El drama de la inmigración que estamos viviendo en Europa
merece nuestra atención y nuestra consideración a la luz del evangelio de la
misericordia. El sistema económico, en el que prima el capital sobre las
personas, la injusticia y la corrupción, el drama de la guerra y la violencia
de grupos radicales, son razones que obligan a muchos seres humanos a ponerse
en angustiosa peregrinación, buscando medios de subsistencia y provocando así
un flujo migratorio. La inmigración es siempre una realidad con doble cara. El
inmigrante sale de su casa y de su tierra empujado por diversos motivos y
atraído por la esperanza de mejorar sus condiciones de vida. Sin embargo, se
encuentra pronto con el dolor del desarraigo y con las dificultades para la
integración en la nueva realidad, en la que espera ser acogido.
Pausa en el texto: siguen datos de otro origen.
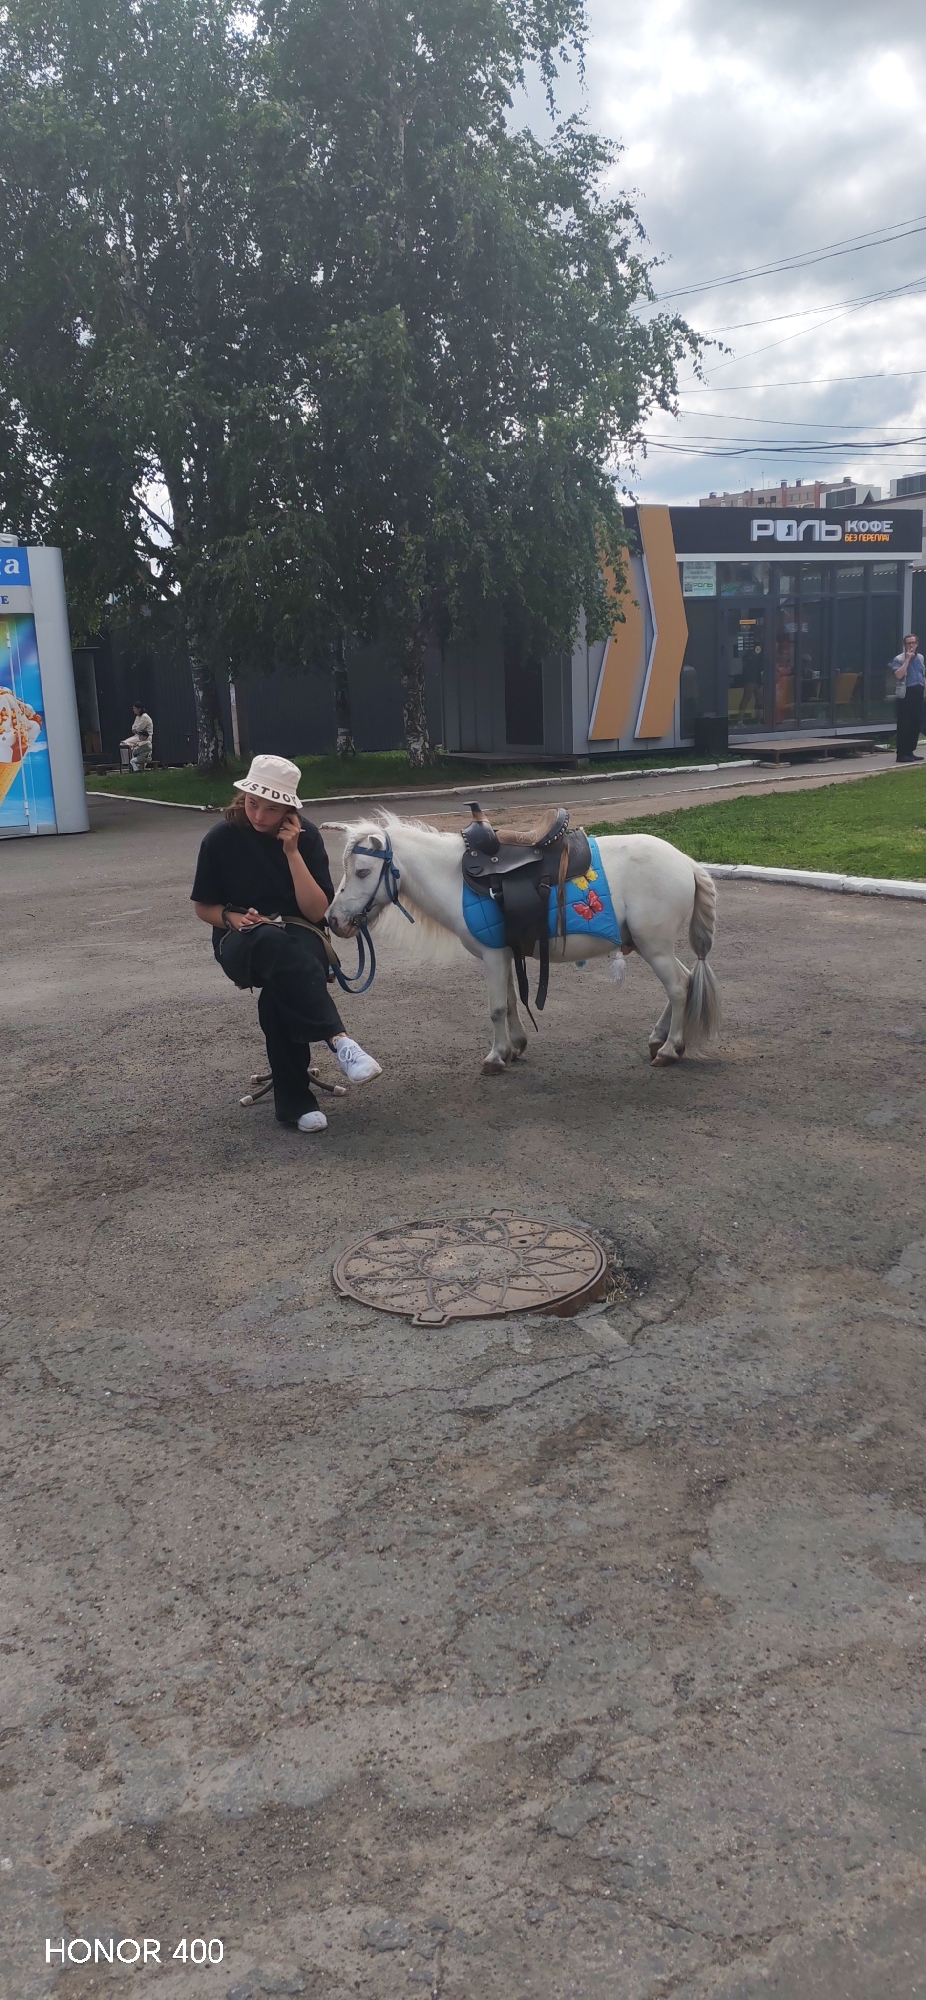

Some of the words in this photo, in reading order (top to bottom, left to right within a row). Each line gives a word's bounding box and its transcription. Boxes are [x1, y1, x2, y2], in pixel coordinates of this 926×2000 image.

[750, 519, 842, 542] РОЛЬ
[845, 520, 894, 533] КОФЕ
[844, 533, 858, 542] БЕЗ
En estas circunstancias cobra una importancia especial el
reto del Señor: «fui forastero y me acogisteis» (Mt 25, 35). Este desafío
lanzado por Jesús, según refiere el evangelio de Mateo, está dentro de un
elenco de acciones que nacen de unas entrañas misericordiosas. Acciones que
caracterizan a los que obran con un corazón grande y hace realidad «la premura
paterna de Dios que es solícita con todos». Dice Francisco que «el amor de Dios
tiende a alcanzar a todos y a cada uno, transformando a aquellos que acojan el
abrazo del Padre entre otros brazos que se abren y se estrechan para que quien
sea sepa que es amado como hijo y se sienta “en casa” en la única familia
humana» (Mensaje para el Día mundial del emigrante y del refugiado 2016).
Para Dios, todos los seres humanos somos sus hijos y, por
tanto, hermanos. Por eso Jesús, el rey que nos juzgará al final de los tiempos
cuando venga en su gloria (cf. Mt 25, 31), el Hijo de Dios entre los hijos de
Dios, Hermano entre los hermanos, proclama: «En verdad os digo que cada vez que
lo hicisteis con uno de estos, mis hermanos más pequeños, conmigo lo hicisteis»
(Mt 15, 40). Estos hermanos “más pequeños”, en la escena del juicio final, son los
hambrientos, los que tienen sed, los forasteros, los que están desnudos, los enfermos,
los encarcelados (cf. Mt 25, 35-36).
En el Angelus del día 6 de septiembre, el Papa nos
sorprendía con una llamada a la acogida: «La Misericordia de Dios se reconoce a
través de nuestras obras… Ante la tragedia de decenas de miles de refugiados
que huyen de la muerte por la guerra y el hambre, y están en camino hacia una
esperanza de vida, el Evangelio nos llama a ser “prójimos” de los más pequeños
y abandonados. A darles una esperanza concreta. No vale decir sólo: “¡Ánimo,
paciencia!..” Por lo tanto, ante la proximidad del Jubileo de la misericordia,
hago un llamamiento a las parroquias, a las comunidades religiosas, a los
monasterios y a los santuarios de toda Europa para que expresen la realidad
concreta del Evangelio y acojan a una familia de refugiados… Recordando que
Misericordia es el segundo nombre del Amor».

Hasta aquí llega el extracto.